# Exercise instructions:
The lines that make up this material should each be returned exactly.
Source data below:
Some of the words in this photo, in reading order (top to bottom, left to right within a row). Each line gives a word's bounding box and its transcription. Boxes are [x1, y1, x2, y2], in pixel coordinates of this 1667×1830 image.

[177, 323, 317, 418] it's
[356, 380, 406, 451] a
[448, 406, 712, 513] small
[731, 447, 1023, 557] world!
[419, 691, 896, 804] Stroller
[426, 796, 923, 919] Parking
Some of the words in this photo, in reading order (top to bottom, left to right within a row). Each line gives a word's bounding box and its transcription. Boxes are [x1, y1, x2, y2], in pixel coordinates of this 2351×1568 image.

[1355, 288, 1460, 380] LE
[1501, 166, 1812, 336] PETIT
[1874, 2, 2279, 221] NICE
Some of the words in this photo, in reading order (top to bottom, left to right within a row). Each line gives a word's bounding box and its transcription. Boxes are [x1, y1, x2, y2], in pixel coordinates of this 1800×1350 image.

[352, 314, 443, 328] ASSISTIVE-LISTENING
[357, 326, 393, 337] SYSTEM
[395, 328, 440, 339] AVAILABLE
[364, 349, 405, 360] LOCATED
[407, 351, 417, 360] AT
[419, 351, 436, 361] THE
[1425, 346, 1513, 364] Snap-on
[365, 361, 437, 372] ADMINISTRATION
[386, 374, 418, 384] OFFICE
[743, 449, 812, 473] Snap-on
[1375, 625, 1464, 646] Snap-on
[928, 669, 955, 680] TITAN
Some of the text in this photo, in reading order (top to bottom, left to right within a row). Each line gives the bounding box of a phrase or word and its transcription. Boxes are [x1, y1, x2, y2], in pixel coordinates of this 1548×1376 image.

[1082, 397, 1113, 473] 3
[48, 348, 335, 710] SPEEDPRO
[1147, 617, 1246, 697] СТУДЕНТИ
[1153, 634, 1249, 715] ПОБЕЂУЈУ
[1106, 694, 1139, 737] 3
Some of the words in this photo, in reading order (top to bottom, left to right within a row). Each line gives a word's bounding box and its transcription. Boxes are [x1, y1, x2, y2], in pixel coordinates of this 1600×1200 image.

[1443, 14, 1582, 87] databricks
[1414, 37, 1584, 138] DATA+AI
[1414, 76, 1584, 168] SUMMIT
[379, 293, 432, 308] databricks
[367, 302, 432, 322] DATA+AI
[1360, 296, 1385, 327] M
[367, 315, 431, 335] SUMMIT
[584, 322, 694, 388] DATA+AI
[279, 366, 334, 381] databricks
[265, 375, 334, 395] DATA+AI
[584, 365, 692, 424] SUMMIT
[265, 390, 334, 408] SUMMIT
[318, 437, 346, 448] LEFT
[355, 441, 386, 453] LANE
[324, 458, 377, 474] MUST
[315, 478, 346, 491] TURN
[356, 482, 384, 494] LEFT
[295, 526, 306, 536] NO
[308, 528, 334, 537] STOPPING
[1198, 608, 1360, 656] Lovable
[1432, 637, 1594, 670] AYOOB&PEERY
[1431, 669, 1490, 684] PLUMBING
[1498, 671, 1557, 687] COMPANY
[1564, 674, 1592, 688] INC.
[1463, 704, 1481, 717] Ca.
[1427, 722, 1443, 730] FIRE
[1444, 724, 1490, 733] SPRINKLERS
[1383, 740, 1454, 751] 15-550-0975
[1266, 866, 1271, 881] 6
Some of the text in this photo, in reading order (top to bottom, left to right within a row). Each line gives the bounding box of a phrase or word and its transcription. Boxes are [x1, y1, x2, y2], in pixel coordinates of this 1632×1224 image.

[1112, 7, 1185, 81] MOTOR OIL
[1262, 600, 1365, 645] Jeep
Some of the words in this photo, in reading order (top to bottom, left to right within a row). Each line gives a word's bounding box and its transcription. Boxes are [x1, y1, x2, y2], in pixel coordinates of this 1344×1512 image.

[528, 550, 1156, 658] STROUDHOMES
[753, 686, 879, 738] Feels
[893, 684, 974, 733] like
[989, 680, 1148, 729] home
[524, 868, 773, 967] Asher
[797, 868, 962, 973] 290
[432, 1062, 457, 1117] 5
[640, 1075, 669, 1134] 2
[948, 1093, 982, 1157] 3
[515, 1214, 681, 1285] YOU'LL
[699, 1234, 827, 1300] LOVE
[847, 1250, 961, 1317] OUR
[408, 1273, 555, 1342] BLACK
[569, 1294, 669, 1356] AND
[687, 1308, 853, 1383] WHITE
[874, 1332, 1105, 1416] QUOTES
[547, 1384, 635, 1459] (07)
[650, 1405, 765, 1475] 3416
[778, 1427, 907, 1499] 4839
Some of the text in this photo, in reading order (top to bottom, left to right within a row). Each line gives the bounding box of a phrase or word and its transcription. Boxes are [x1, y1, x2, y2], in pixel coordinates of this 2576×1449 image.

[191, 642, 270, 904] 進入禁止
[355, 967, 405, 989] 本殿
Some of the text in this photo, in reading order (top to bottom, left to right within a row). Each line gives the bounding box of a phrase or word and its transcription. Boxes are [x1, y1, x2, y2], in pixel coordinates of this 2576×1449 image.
End of Source data.
# Written solution:
Some of the words in this photo, in reading order (top to bottom, left to right within a row). Each line gives a word's bounding box and its transcription. Boxes are [x1, y1, x2, y2], in pixel coordinates of this 1667×1830 image.

[177, 323, 317, 418] it's
[356, 380, 406, 451] a
[448, 406, 712, 513] small
[731, 447, 1023, 557] world!
[419, 691, 896, 804] Stroller
[426, 796, 923, 919] Parking
Some of the words in this photo, in reading order (top to bottom, left to right within a row). Each line gives a word's bounding box and its transcription. Boxes are [x1, y1, x2, y2], in pixel coordinates of this 2351×1568 image.

[1355, 288, 1460, 380] LE
[1501, 166, 1812, 336] PETIT
[1874, 2, 2279, 221] NICE
Some of the words in this photo, in reading order (top to bottom, left to right within a row). Each line gives a word's bounding box and its transcription. Boxes are [x1, y1, x2, y2], in pixel coordinates of this 1800×1350 image.

[352, 314, 443, 328] ASSISTIVE-LISTENING
[357, 326, 393, 337] SYSTEM
[395, 328, 440, 339] AVAILABLE
[364, 349, 405, 360] LOCATED
[407, 351, 417, 360] AT
[419, 351, 436, 361] THE
[1425, 346, 1513, 364] Snap-on
[365, 361, 437, 372] ADMINISTRATION
[386, 374, 418, 384] OFFICE
[743, 449, 812, 473] Snap-on
[1375, 625, 1464, 646] Snap-on
[928, 669, 955, 680] TITAN
Some of the text in this photo, in reading order (top to bottom, left to right within a row). Each line gives the bounding box of a phrase or word and its transcription. Boxes are [x1, y1, x2, y2], in pixel coordinates of this 1548×1376 image.

[1082, 397, 1113, 473] 3
[48, 348, 335, 710] SPEEDPRO
[1147, 617, 1246, 697] СТУДЕНТИ
[1153, 634, 1249, 715] ПОБЕЂУЈУ
[1106, 694, 1139, 737] 3
Some of the words in this photo, in reading order (top to bottom, left to right within a row). Each line gives a word's bounding box and its transcription. Boxes are [x1, y1, x2, y2], in pixel coordinates of this 1600×1200 image.

[1443, 14, 1582, 87] databricks
[1414, 37, 1584, 138] DATA+AI
[1414, 76, 1584, 168] SUMMIT
[379, 293, 432, 308] databricks
[367, 302, 432, 322] DATA+AI
[1360, 296, 1385, 327] M
[367, 315, 431, 335] SUMMIT
[584, 322, 694, 388] DATA+AI
[279, 366, 334, 381] databricks
[265, 375, 334, 395] DATA+AI
[584, 365, 692, 424] SUMMIT
[265, 390, 334, 408] SUMMIT
[318, 437, 346, 448] LEFT
[355, 441, 386, 453] LANE
[324, 458, 377, 474] MUST
[315, 478, 346, 491] TURN
[356, 482, 384, 494] LEFT
[295, 526, 306, 536] NO
[308, 528, 334, 537] STOPPING
[1198, 608, 1360, 656] Lovable
[1432, 637, 1594, 670] AYOOB&PEERY
[1431, 669, 1490, 684] PLUMBING
[1498, 671, 1557, 687] COMPANY
[1564, 674, 1592, 688] INC.
[1463, 704, 1481, 717] Ca.
[1427, 722, 1443, 730] FIRE
[1444, 724, 1490, 733] SPRINKLERS
[1383, 740, 1454, 751] 15-550-0975
[1266, 866, 1271, 881] 6
Some of the text in this photo, in reading order (top to bottom, left to right within a row). Each line gives the bounding box of a phrase or word and its transcription. Boxes are [x1, y1, x2, y2], in pixel coordinates of this 1632×1224 image.

[1112, 7, 1185, 81] MOTOR OIL
[1262, 600, 1365, 645] Jeep
Some of the words in this photo, in reading order (top to bottom, left to right within a row). Each line gives a word's bounding box and its transcription. Boxes are [x1, y1, x2, y2], in pixel coordinates of this 1344×1512 image.

[528, 550, 1156, 658] STROUDHOMES
[753, 686, 879, 738] Feels
[893, 684, 974, 733] like
[989, 680, 1148, 729] home
[524, 868, 773, 967] Asher
[797, 868, 962, 973] 290
[432, 1062, 457, 1117] 5
[640, 1075, 669, 1134] 2
[948, 1093, 982, 1157] 3
[515, 1214, 681, 1285] YOU'LL
[699, 1234, 827, 1300] LOVE
[847, 1250, 961, 1317] OUR
[408, 1273, 555, 1342] BLACK
[569, 1294, 669, 1356] AND
[687, 1308, 853, 1383] WHITE
[874, 1332, 1105, 1416] QUOTES
[547, 1384, 635, 1459] (07)
[650, 1405, 765, 1475] 3416
[778, 1427, 907, 1499] 4839
Some of the text in this photo, in reading order (top to bottom, left to right within a row). Each line gives the bounding box of a phrase or word and its transcription. Boxes are [x1, y1, x2, y2], in pixel coordinates of this 2576×1449 image.

[191, 642, 270, 904] 進入禁止
[355, 967, 405, 989] 本殿
Some of the text in this photo, in reading order (top to bottom, left to right within a row). Each line gives the bounding box of a phrase or word and its transcription. Boxes are [x1, y1, x2, y2], in pixel coordinates of this 2576×1449 image.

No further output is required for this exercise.